> About this exercise:
A letter-for-letter copy of the listing is required, with no pictures in it.
----
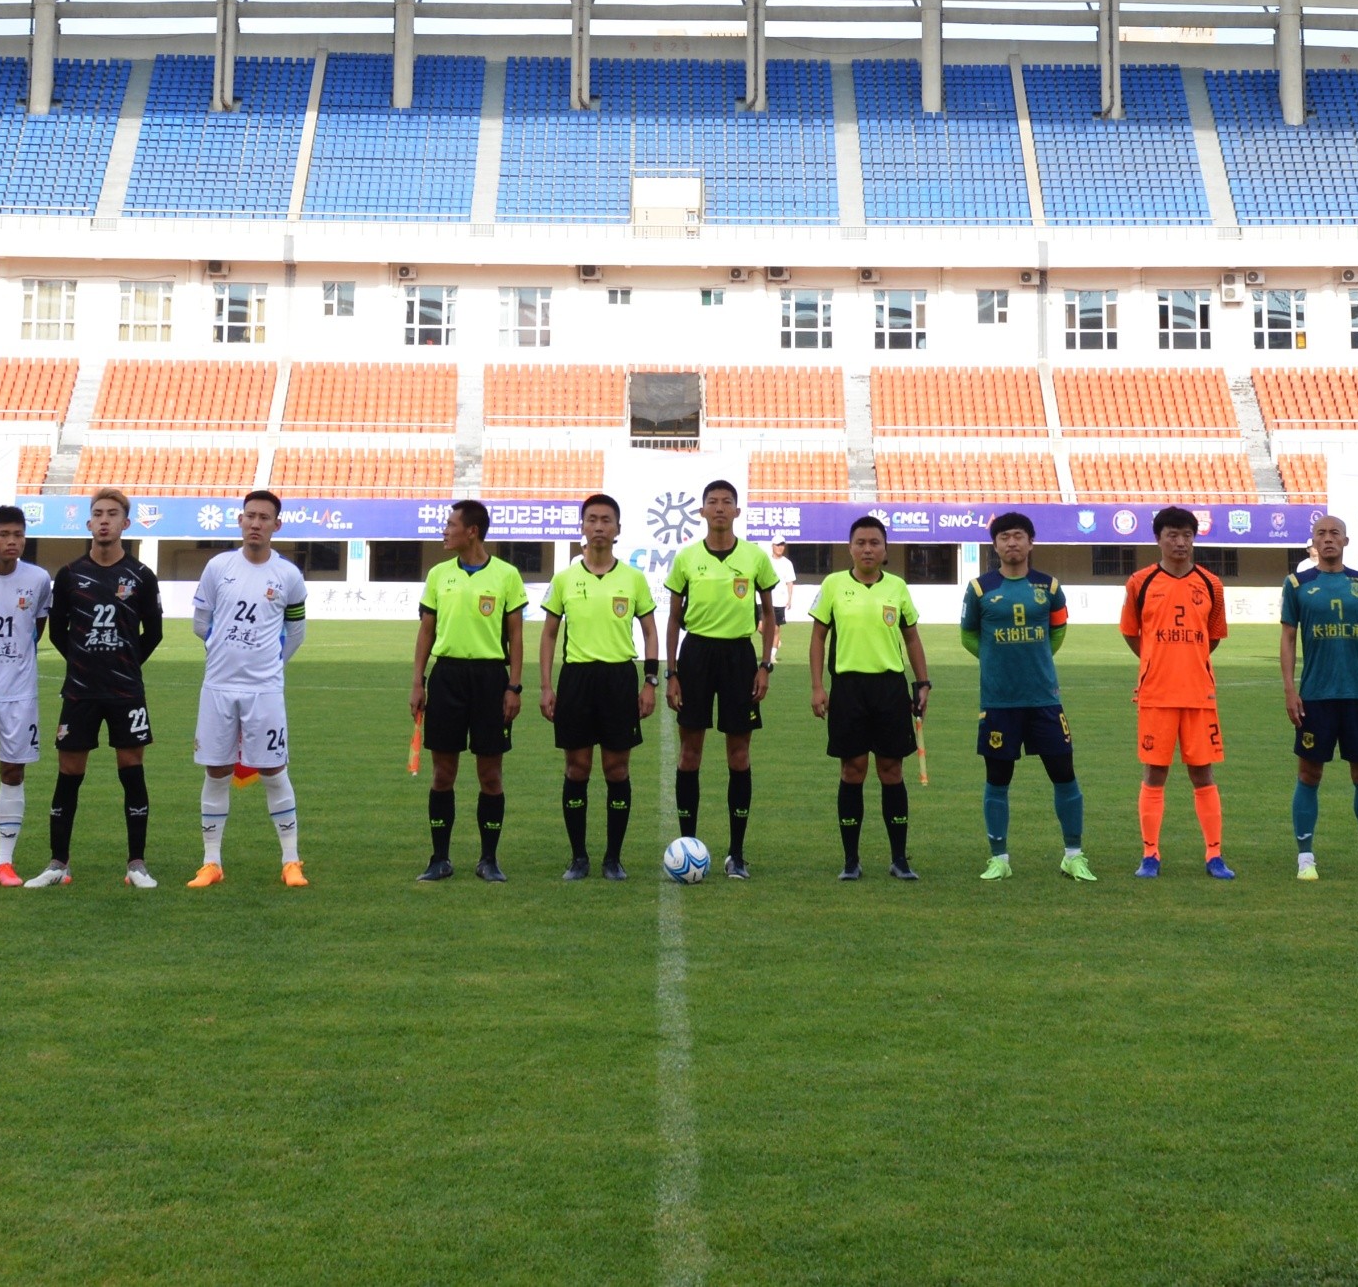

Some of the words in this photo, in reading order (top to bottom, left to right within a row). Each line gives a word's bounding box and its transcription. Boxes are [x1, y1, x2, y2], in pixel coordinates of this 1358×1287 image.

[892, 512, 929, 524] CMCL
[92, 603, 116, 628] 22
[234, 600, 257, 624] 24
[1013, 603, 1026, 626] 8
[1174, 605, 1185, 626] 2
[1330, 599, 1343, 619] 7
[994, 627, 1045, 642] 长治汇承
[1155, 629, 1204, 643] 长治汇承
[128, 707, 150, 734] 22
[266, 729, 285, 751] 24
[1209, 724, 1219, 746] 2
----
> Solution for this task:
Some of the words in this photo, in reading order (top to bottom, left to right within a row). Each line gives a word's bounding box and its transcription. Boxes are [x1, y1, x2, y2], in pixel coordinates of this 1358×1287 image.

[892, 512, 929, 524] CMCL
[92, 603, 116, 628] 22
[234, 600, 257, 624] 24
[1013, 603, 1026, 626] 8
[1174, 605, 1185, 626] 2
[1330, 599, 1343, 619] 7
[994, 627, 1045, 642] 长治汇承
[1155, 629, 1204, 643] 长治汇承
[128, 707, 150, 734] 22
[266, 729, 285, 751] 24
[1209, 724, 1219, 746] 2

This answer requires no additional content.